April 8, 2005:
Out of Time
At the window, I spy dogs playing in the backyard, busy with sticks, busy with each other. I see two or three solid women built, it would appear, for manual labor and for carrying water from the lake. I hear birds. They are chirping. Many more birds, much more chirping than I’ve seen, than I’ve heard. Sky, the color of charcoal, breaks up in the middle of the day and dissolves, letting the warm light through. The dappled light, in liquid golden spots on the ground, grows, joins with itself.

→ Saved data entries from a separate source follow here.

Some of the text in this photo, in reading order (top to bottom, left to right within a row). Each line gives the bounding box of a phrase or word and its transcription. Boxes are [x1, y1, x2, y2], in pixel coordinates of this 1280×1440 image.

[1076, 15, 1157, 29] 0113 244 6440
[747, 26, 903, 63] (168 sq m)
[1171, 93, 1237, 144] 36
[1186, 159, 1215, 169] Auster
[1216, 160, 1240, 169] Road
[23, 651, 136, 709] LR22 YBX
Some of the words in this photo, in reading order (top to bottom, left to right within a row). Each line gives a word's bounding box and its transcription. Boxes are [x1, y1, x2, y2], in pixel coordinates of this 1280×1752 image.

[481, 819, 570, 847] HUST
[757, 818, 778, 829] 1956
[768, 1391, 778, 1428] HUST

At the window, I see, is it, yes it must be, I see buds on the tree branches. The tree branches, until recently, were grey twisted skeletons. But still, look, there are spots of life. Life joining, growing, waiting; life begins to show. Vitality thrills, vibrates through the veins of the trees.
The city rolls back and away from me, with rows of towering buildings, bustling I would imagine bustling bustling concrete canyons. Where the homeless man begs for a quarter. Where the overwrought and overworked mother takes her fevered child to the doctor. Where business men tell each other they are busy, so busy. Where so many wait for the weekend to do much, to do little, to do something else. And the apartment across the way. Dead canceled windows. No one is home. Lonely dogs waiting for their owners.

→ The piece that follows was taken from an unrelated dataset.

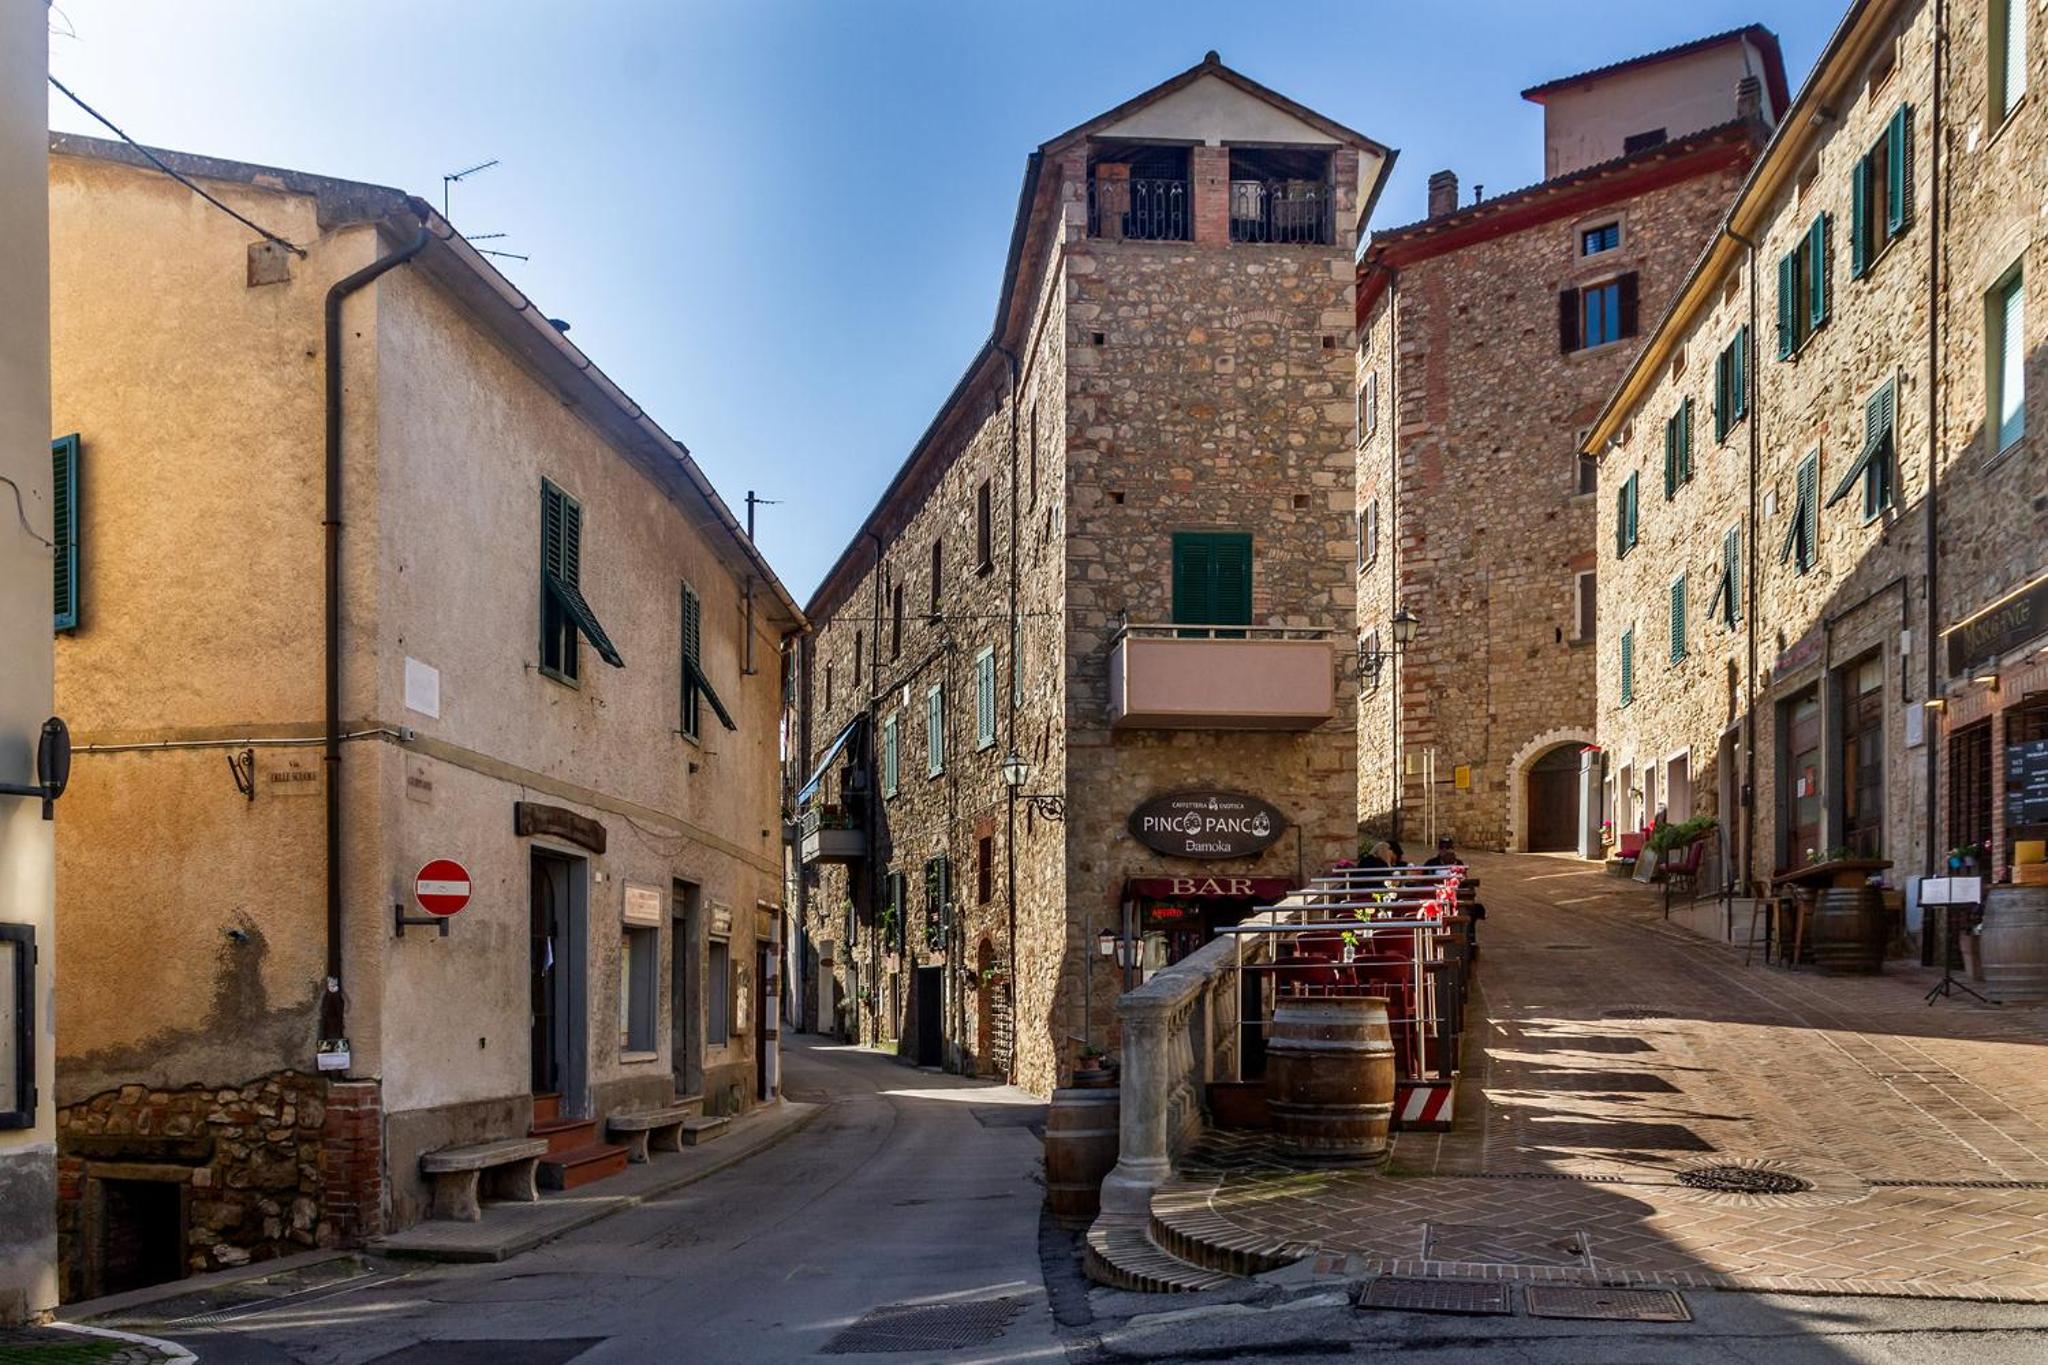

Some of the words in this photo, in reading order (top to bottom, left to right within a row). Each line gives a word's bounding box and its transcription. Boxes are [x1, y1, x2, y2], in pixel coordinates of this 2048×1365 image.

At the window, I reckon time too with space. Time means as little here, in my space, as it does in a coffin. I have as much use for time as does a fish. But outside, beyond, time suddenly has meaning. Time counts. Beyond my window, where time ticks, it expands too and spreads. What forest, what ancient history passed here before the buildings, before the concrete? What history will pass here yet?
Beyond, maybe there’s another like me, a compatriot, a twin, homebound, at his window, at her window. Looking out. Trying to look intentionally. Trying to see intentionally. Ignoring the inevitability of time. The city, the world, grows and expands. Behind me, where I don’t look, what use is there in more looking, is my tiny little space, my tiny little used oxygen that’s passed through me and out of me and back in through me. Time, as well, like my oxygen. Used. Reused. Beyond, meanwhile, beyond, space is stunning and disproportionate. I can’t displace it. If I were to walk out there into it, if I were to be out there in it; could I displace it? Could I make myself known?
Buried alive, do you scratch at the ceiling of your box, knowing that there is still six more feet of suffocating earth? Imprisoned, innocent or guilty, do you start a slow steady project at digging at the wall?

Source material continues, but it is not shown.